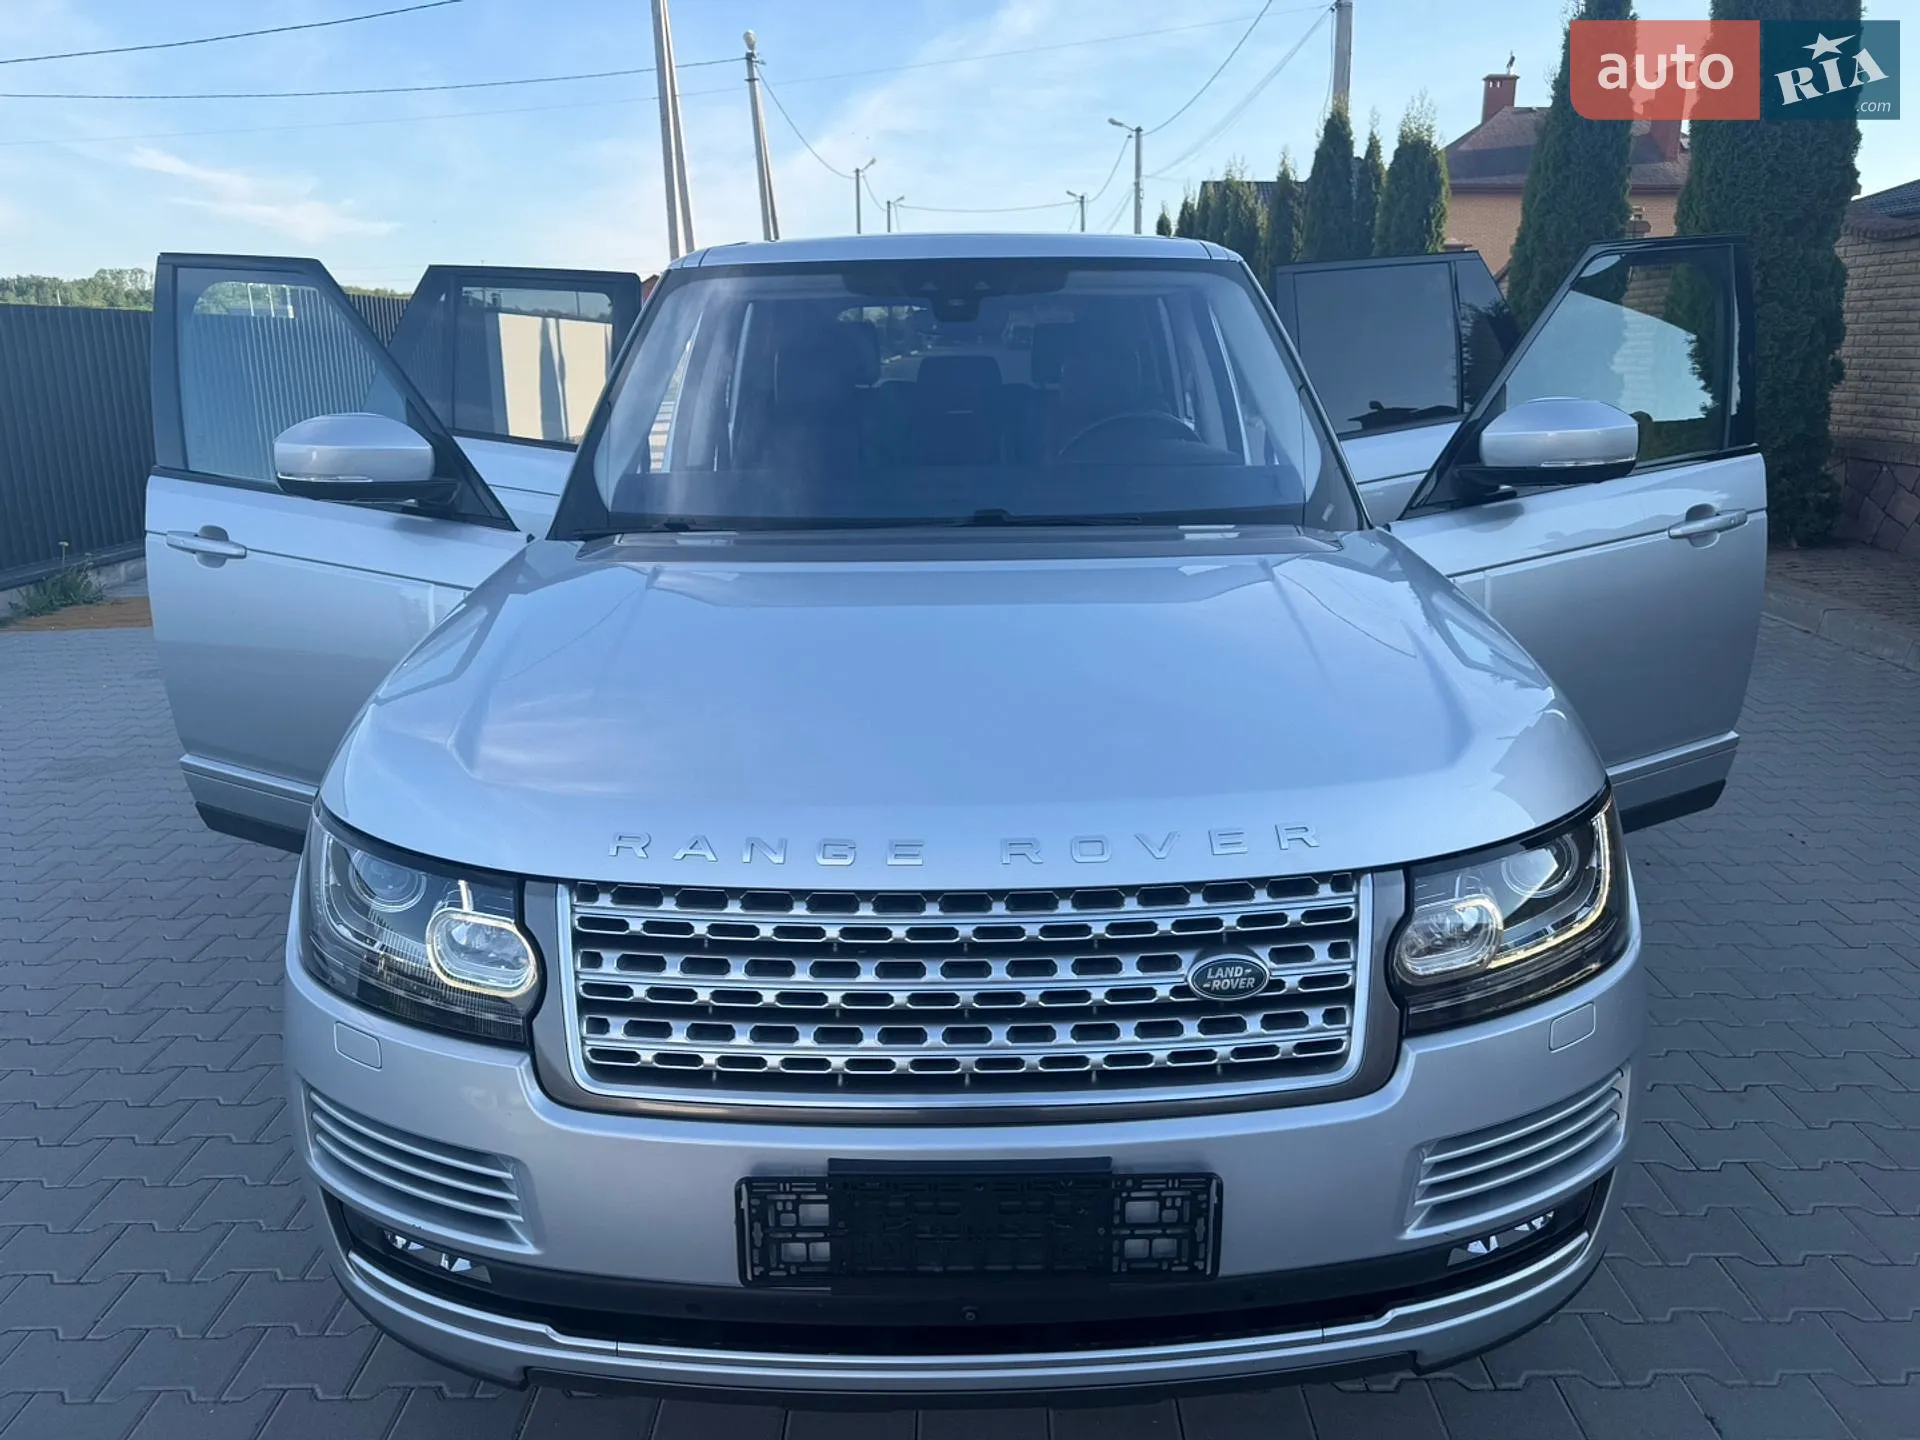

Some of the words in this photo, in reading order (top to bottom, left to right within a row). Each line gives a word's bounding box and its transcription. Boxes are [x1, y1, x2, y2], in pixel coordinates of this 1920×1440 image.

[608, 831, 925, 867] RANGE
[1000, 823, 1320, 865] ROVER
[1206, 966, 1244, 979] LAND
[1210, 977, 1255, 991] ROVER
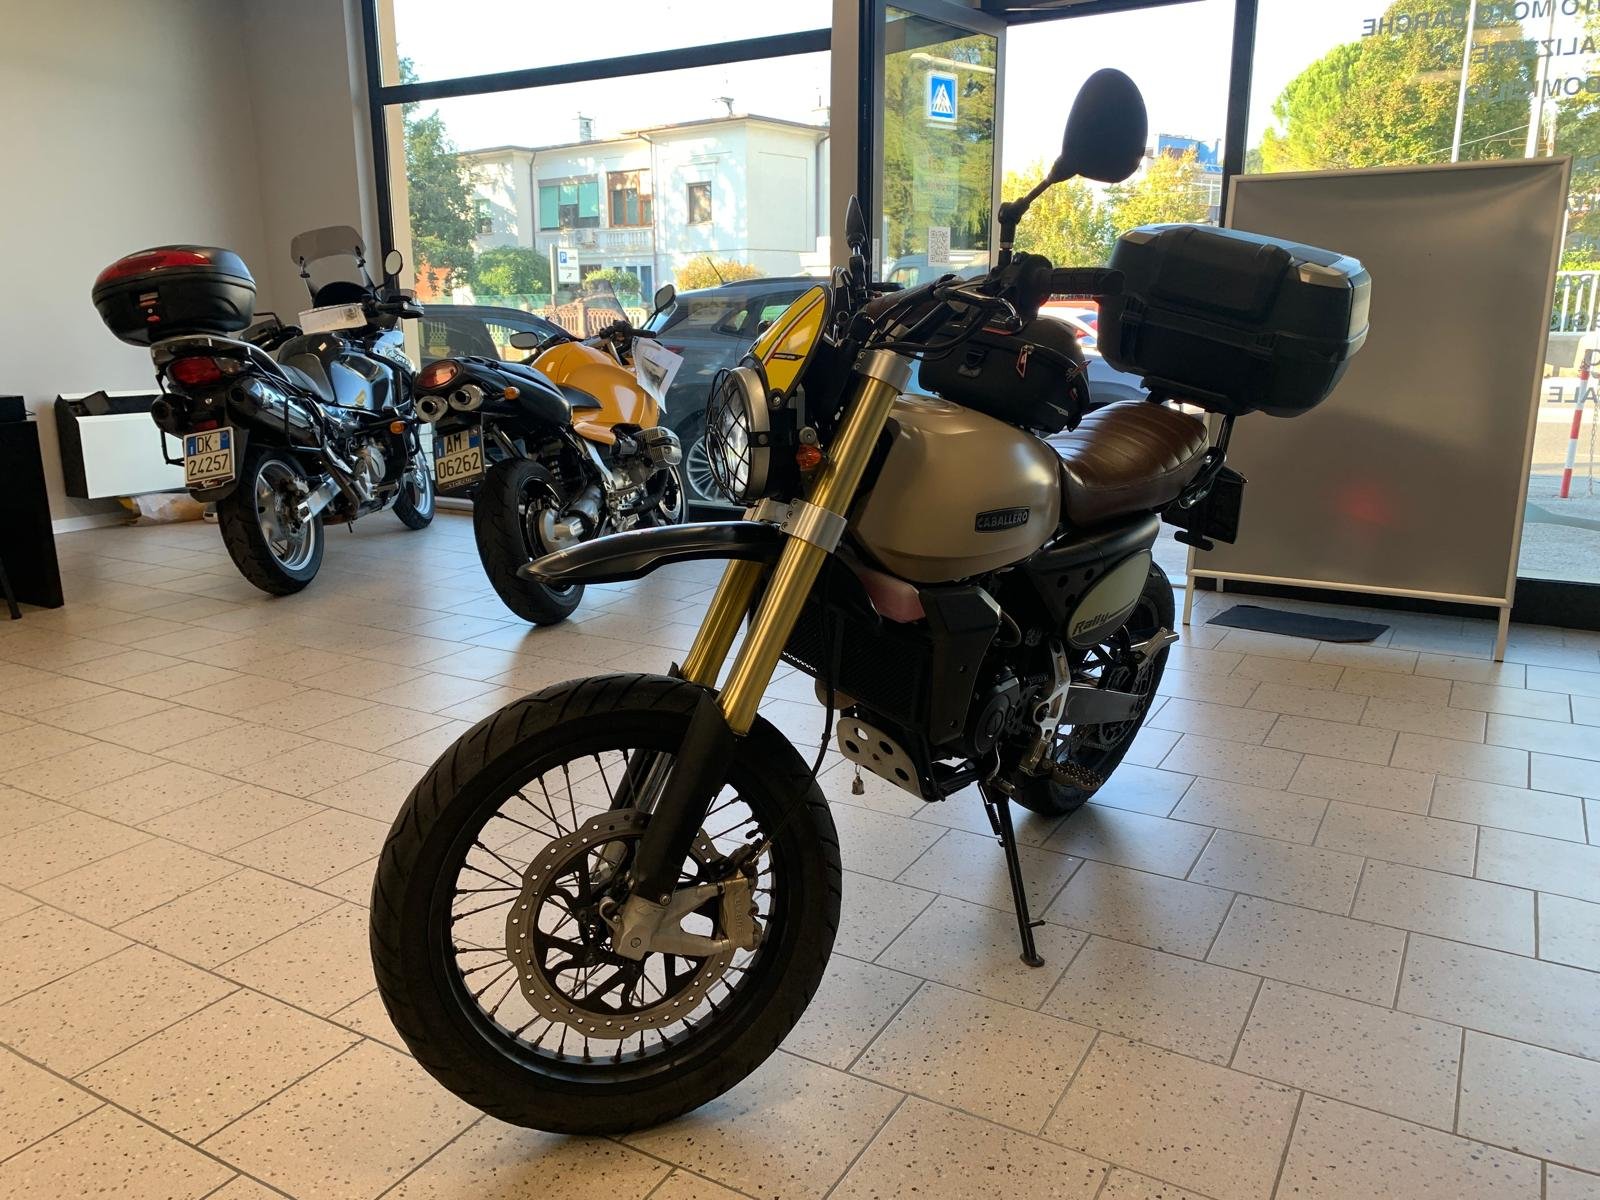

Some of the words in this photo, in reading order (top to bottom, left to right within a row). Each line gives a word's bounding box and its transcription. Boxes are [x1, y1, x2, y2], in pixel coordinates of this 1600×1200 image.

[197, 435, 212, 453] DK
[446, 433, 462, 454] AM
[189, 453, 229, 476] 24257
[438, 451, 480, 479] 06262
[976, 511, 1028, 529] CABALLERO
[1072, 612, 1110, 635] Rally

:: TASK DETAILS ::
The required output is each line from the one with "this 1600×1200 image." through the end of the material above, repeated exactly with both ends included.

:: ANSWER TO THE PROBLEM ::
Some of the words in this photo, in reading order (top to bottom, left to right within a row). Each line gives a word's bounding box and its transcription. Boxes are [x1, y1, x2, y2], in pixel coordinates of this 1600×1200 image.

[197, 435, 212, 453] DK
[446, 433, 462, 454] AM
[189, 453, 229, 476] 24257
[438, 451, 480, 479] 06262
[976, 511, 1028, 529] CABALLERO
[1072, 612, 1110, 635] Rally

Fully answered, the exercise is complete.